‘UK to develop education standards in Pakistan’
LAHORE: British High Commissioner Sir Hilary Nicholas Synnott on Tuesday said the UK would continue its support to develop the Pakistani educational system.
Addressing the audience at the opening ceremony of the London Metropolitan University’s (LMU) Pakistan office in Lahore, he said Pakistan and the UK were long standing friends and would remain friends. “We are interested in supporting the Pakistani education system so that it could be developed on international standards.”
The LMU is a London based university established with the merger of two old varsities. The LMU has become the largest varsity of London, serving 33,000 students, out of which more than 3,300 are foreigners. The British Council centres, he added, had been conducting A and O level examinations despite the closure of its offices after the September 11, 2002 incident. He said the UK visa scheme for Pakistanis interested in higher studies was helping many students. He said hopefully more UK varsities would open their offices in Pakistan and would help provide direct linkage to Pakistani youngsters and students. “This will help determine real intellectuality against the despairs of ignorance.”
Mr Synnott encouraged Pakistani women and girls to lead society. “The UK is really inspired by the subcontinent’s slogan that to educate a woman is to educate a family.” He said the education of a woman might not help in improving a family’s economy. However, her attitude would bring grace in her future generations. He said Pakistani girls were really hardworking. “Pakistani students are scoring top positions in the UK universities and institutions and it’s A and O level students are also first in the list of the exams at world level.” He pointed out that in higher education, 50 Chevening scholarships were being provided to Pakistan every year, while on an average 5,000 candidates applied for the scholarships.
He said the UK was providing 600 million pounds every year for the development of primary education. “And there has been a 400 percent increase in this fund during the last three years.” He said the basic objective of providing scholarships to Pakistanis was to enable them to serve in Pakistan with international standards. “We don’t train the higher education students to get their services for UK. They should come back to their homeland and serve the nation.” He said the commission was also forming an alumni association of scholarship holders. He said the standard of education would help Pakistan in good governance and poverty alleviation. The commission, Mr Synnott said, had changed the visa policy for the UK. “All information and application forms are now available at and every one can download these forms.”

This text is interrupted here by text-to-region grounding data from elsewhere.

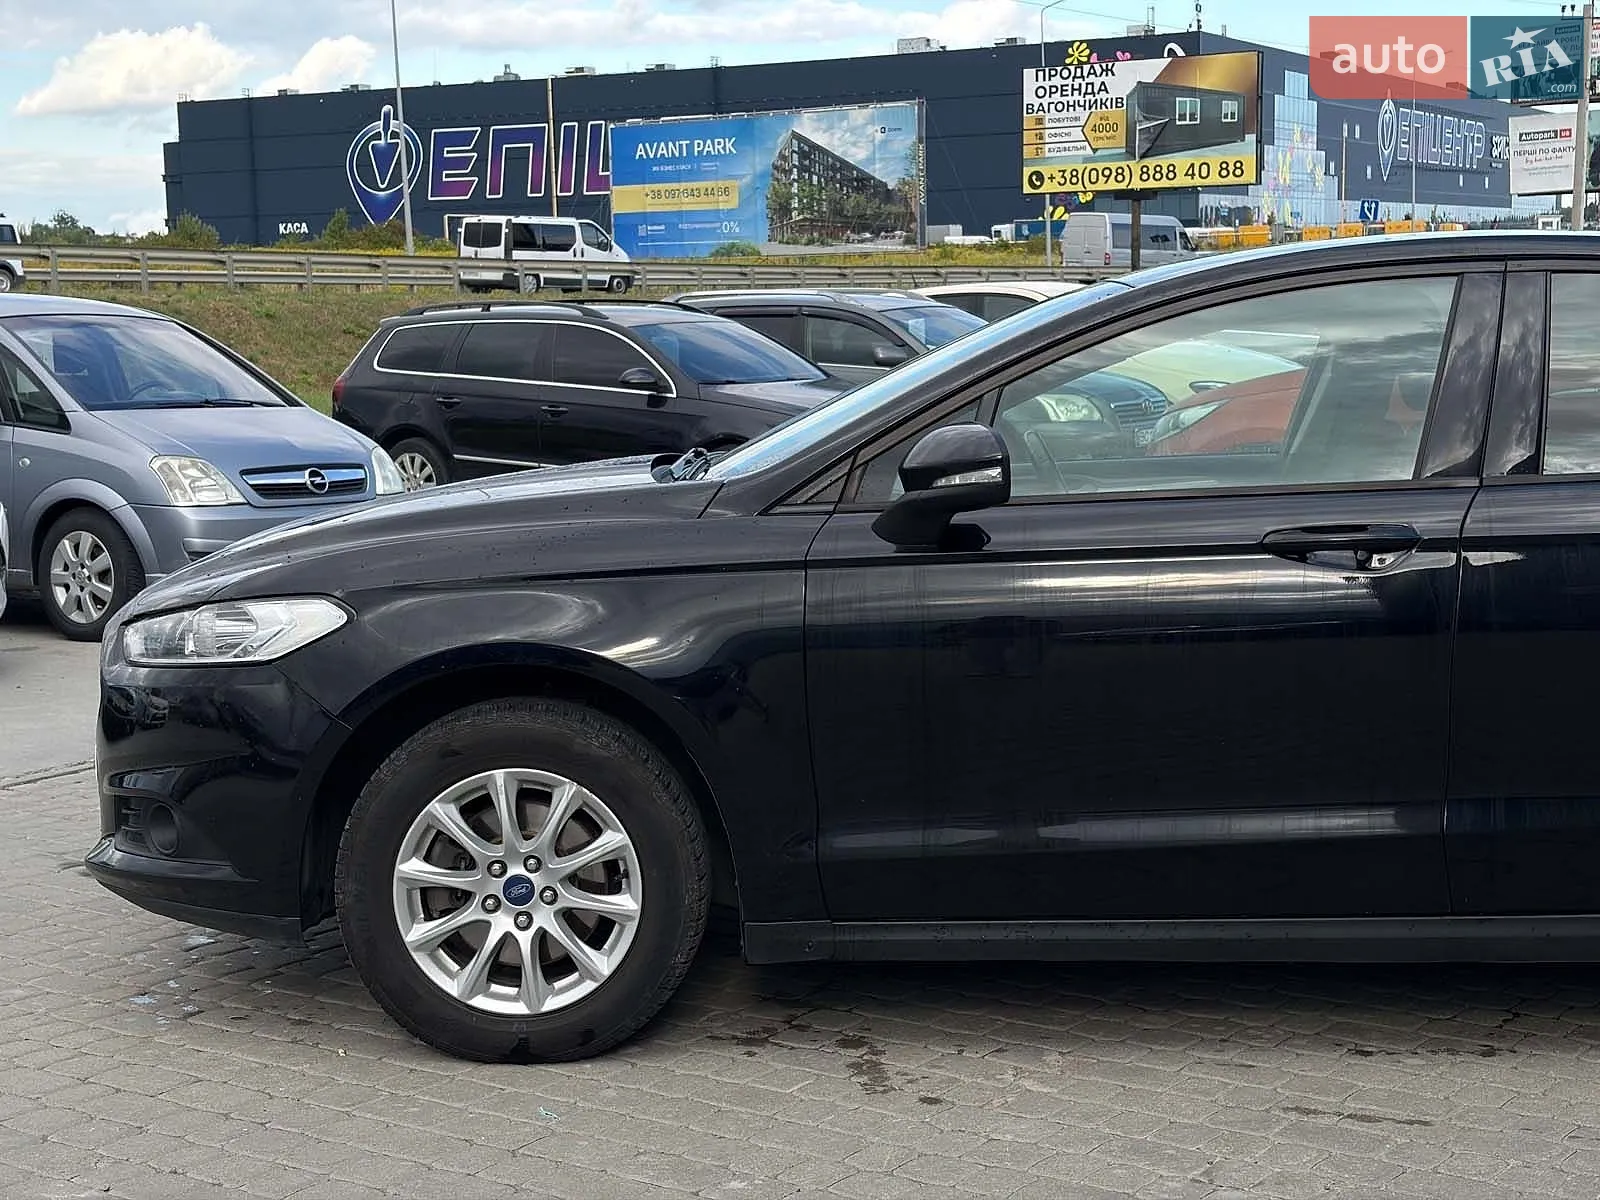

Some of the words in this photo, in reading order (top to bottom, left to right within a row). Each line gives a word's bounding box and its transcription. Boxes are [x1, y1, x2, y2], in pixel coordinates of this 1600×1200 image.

[1035, 62, 1116, 82] ПРОДАЖ
[1035, 81, 1109, 99] ОРЕНДА
[1026, 97, 1125, 115] ВАГОНЧИКІВ
[1047, 116, 1081, 124] ПОБУТОВІ
[1091, 122, 1119, 134] 4000
[1047, 131, 1072, 139] ОФІСНІ
[1397, 108, 1486, 168] ЕПІЦЕНТР
[1521, 131, 1556, 142] Autopark
[635, 140, 691, 160] AVANT
[693, 136, 737, 158] PARK
[1538, 147, 1550, 155] ПО
[1551, 146, 1576, 154] ФАКТУ
[1047, 165, 1133, 189] +38(098)
[1139, 163, 1177, 183] 888
[1183, 162, 1211, 180] 40
[1218, 160, 1245, 179] 88
[645, 189, 662, 200] +38
[664, 188, 681, 200] 097
[703, 187, 715, 197] 44
[279, 222, 309, 234] КАСА

Later, LMU Pakistan office Director Faisal Hassan told Daily Times that the centre would provide free information and counselling to students. He said since the last three months, they had consulted more than 183 students. “We are also providing five scholarships from the LMU, one from Benazir Bhutto, the former prime minister of Pakistan, and one from the British Council.” He said the office would also cater the area of the United Arab Emirates. LMU Director Student Recruitment Mark Bickerton and Karachi British Council Director Charlie Walker also addressed the audience.